Il avait renoncé à tous les plaisirs. Au printemps, il n'avait même pas regardé les jambes des femmes qui se dévoilaient enfin. Il ne s'était pas promené dans les bois, ni dans les jardins publics. Il était resté prostré, incapable de sortir de son univers brumeux. Il n'avait plus d'existence. A part Jérôme, steward toujours en partance, qu'il croisait par la force des choses dans la cuisine, il ne fréquentait plus personne. Ses amis s'étaient lassés de ses refus continuels de les voir.
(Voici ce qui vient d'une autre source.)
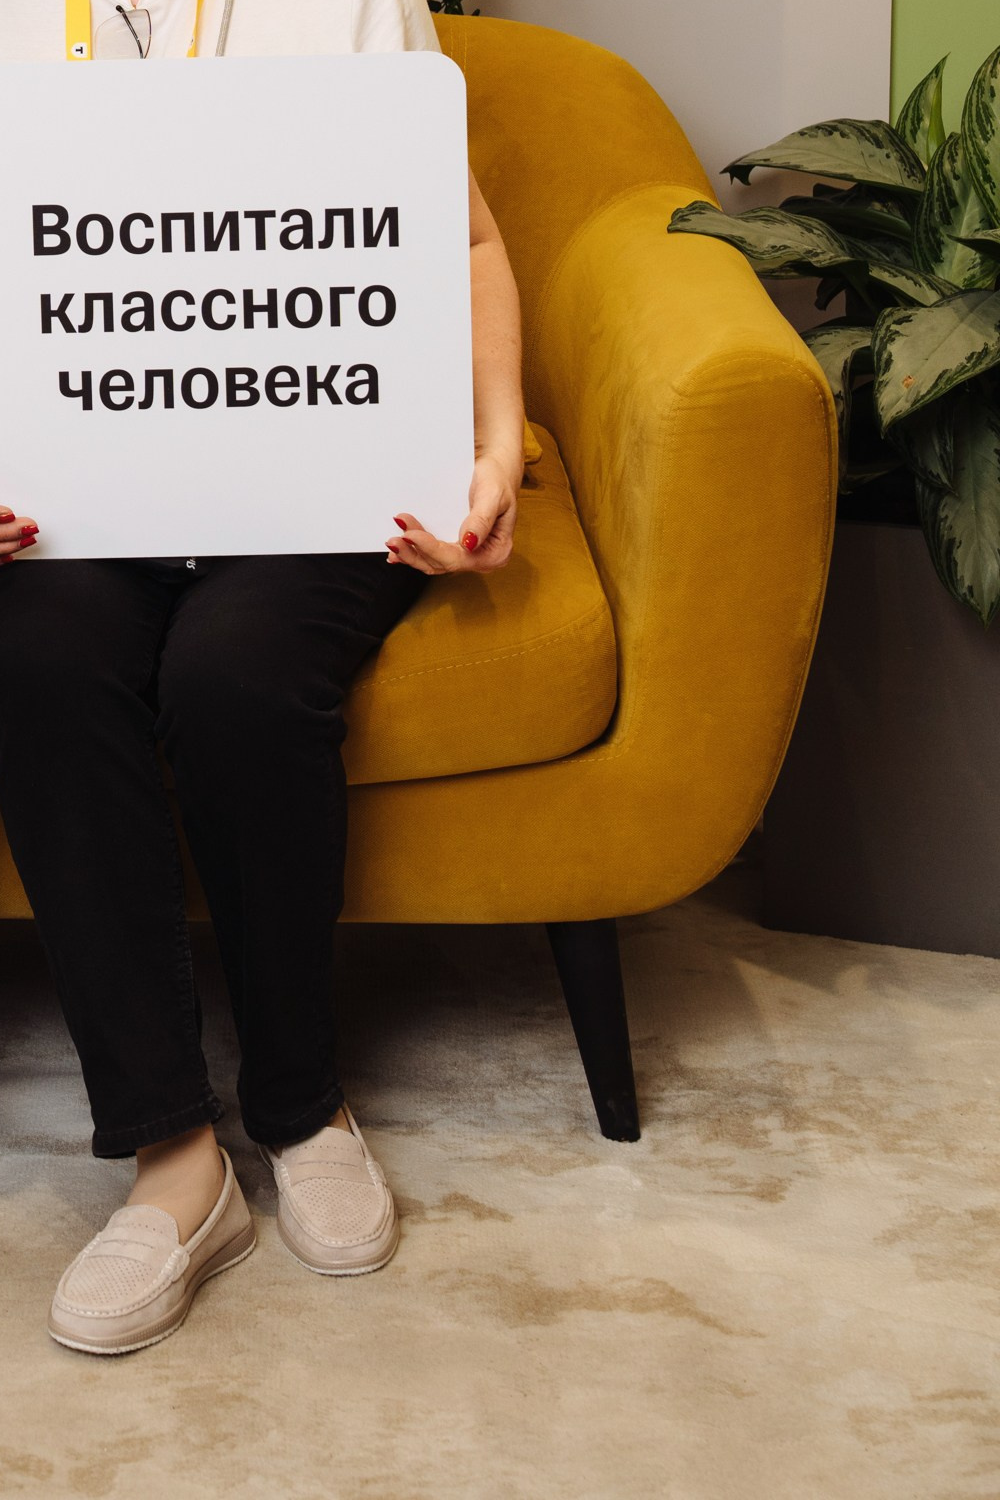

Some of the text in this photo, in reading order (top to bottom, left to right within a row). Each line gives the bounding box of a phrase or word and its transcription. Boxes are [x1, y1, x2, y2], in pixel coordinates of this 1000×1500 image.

[32, 204, 400, 256] Воспитали
[40, 284, 397, 334] классного
[58, 363, 380, 412] человека
Frédéric se sentait transparent, nié... Jusqu'à cette rencontre dans une soirée où sa sœur l'avait traîné de force. Où elle l'avait piégé !
Il l'avait vue, elle lui avait parlé, il s'était confié. Ils s'étaient revu lundi et elle avait dit qu'elle appellerait aujourd'hui à quinze heures.
Quatorze heures cinquante huit, Frédéric se regarde dans une glace et se trouve une mine de papier mâché. Lui qui aime tant les plaisirs du corps les a tous négligés. Il a continué à se laver, mais sans plaisir, sans s'ébattre sous la douche, sans profiter des délices de l'eau chaude ruisselant sur la peau. Il n'a plus fait jouer ses muscles et son corps a perdu son allure de vainqueur.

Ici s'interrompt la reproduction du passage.